The Recruitment and Training Schemes
1. Secondment
In setting up the secondment scheme to acquire fully qualified teachers from schools in Australia and other English speaking Commonwealth countries the Administration initially considered it would be difficult to attract teachers into PNG schools. It needs to be remembered that 1960 was the middle of the post war boom, a time when Australian state school enrolments for the entire 1945 - 1973 expansion period rose 155.9 percent across the board, (Thiele, 1975, p. 216). creating a shortage of qualified teachers in virtually all schools in this country. I find it an interesting comment on teacher attitudes towards their situation in Australia that at least two hundred and fifty male and one hundred and twenty female teachers responded to the August 1960 PNG Education Department secondment programme advertisements.
Perhaps incentives offered by the Territory administration - in regards to tax, housing, removal costs, children's education expenses, and increased likelihood of promotion - encouraged the applications. Many more teachers applied for secondment positions than the state education departments were prepared to let out of the school system at the time. Yet teachers from that era who went to PNG have indicated that their most pressing reason to apply for secondment had little to do with pay and conditions. More important to them were the opportunities to escape the narrow confines of their educational organisation in Australia and the chance to challenge themselves beyond those confines. Some teachers I have interviewed took off for PNG directly on the expiry of their three year teaching bond.
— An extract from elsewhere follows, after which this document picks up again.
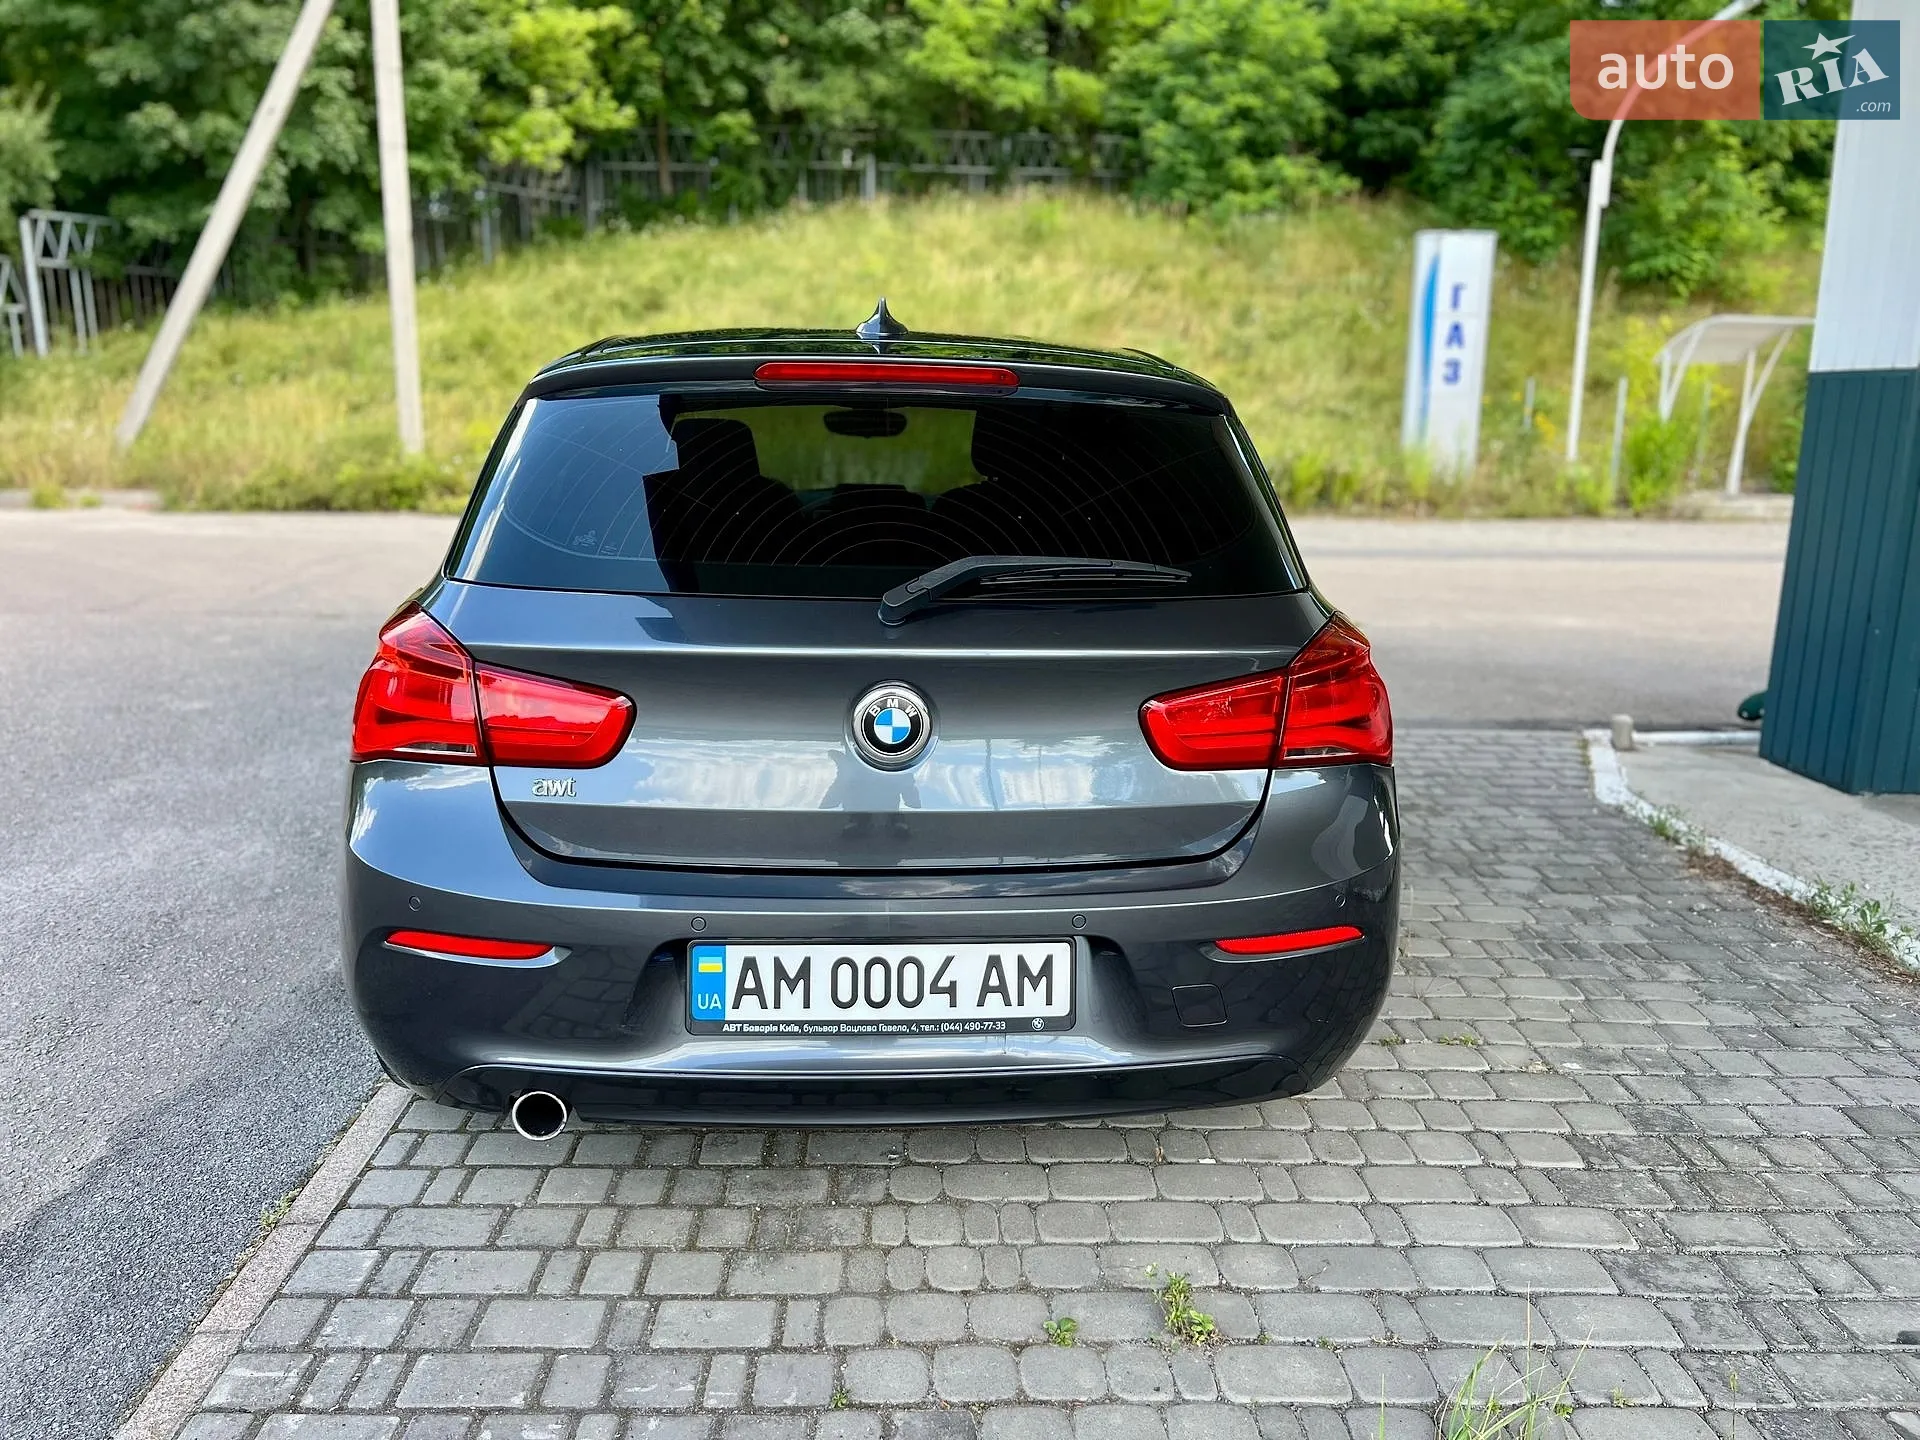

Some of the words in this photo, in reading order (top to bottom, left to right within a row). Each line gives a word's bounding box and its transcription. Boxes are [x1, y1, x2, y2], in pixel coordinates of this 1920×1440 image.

For the successful teacher applicants to the secondment programme, three and four week induction courses were conducted on their arrival in PNG. Ostensibly the programmes were to prepare these qualified teachers for the differing cultural situations they might encounter. However, from the example of the 1963 course programme it appears that of the ninety five lectures, one seminar, four 'educational visits', and five film/slide showings for the four week period, only eleven sessions related specifically to the peoples and cultures of the country. Lectures in educational administration took precedence over either introducing the teachers to a world view very different from their own, or, to the disparate cultures they might work among. Although many of these seconded teachers were sent to schools with Australian students, some were to be posted as principals to schools with only indigenous student and they would be working with students who had no prior knowledge of English. Yet over the four week course, eighteen 'English as a Foreign Language' preparatory classes were given compared to the sixteen lectures in 'Government and Allied Topics'. More sessions were given over the control and dissemination of education and its allied facilities, for example, the first four lectures of the course were: 'The Structure of the Department of Education', 'Administrative Procedures', 'The Australian Approach to the Administration of Papua and New Guinea', and 'The Department of Education'. The question arises as to whether this somewhat expensive exercise in training a group of already experienced teachers was aimed at classroom practice, or rather aimed at making them agents of control in the colonial administration.
2. ASOPA
Beyond efforts to attract qualified, but apparently disenchanted, personnel from Australian schools, the Australian Administration offered paying teacher traineeships taken under the auspices of the Australian School of Pacific Administration (ASOPA), at Mosman, NSW. From the mid 1950s, cadetships for primary teacher training were available to eligible Australian or British subjects and were offered at several levels and differing periods of study. Applicants with a university degree could take a one year Diploma in Education course, generally with the University of Sydney. In 1964 this situation altered with the change in focus for PNG education to the training of an educated elite. ASOPA switched to training teachers for PNG secondary schools, with the last primary teachers graduating in 1965. On completion of training cadets went into either PNG secondary schools or were employed as teaching studies personnel. In the early 1960s provisions were also made for selected trainees without degrees to take up a four year university course in secondary teaching.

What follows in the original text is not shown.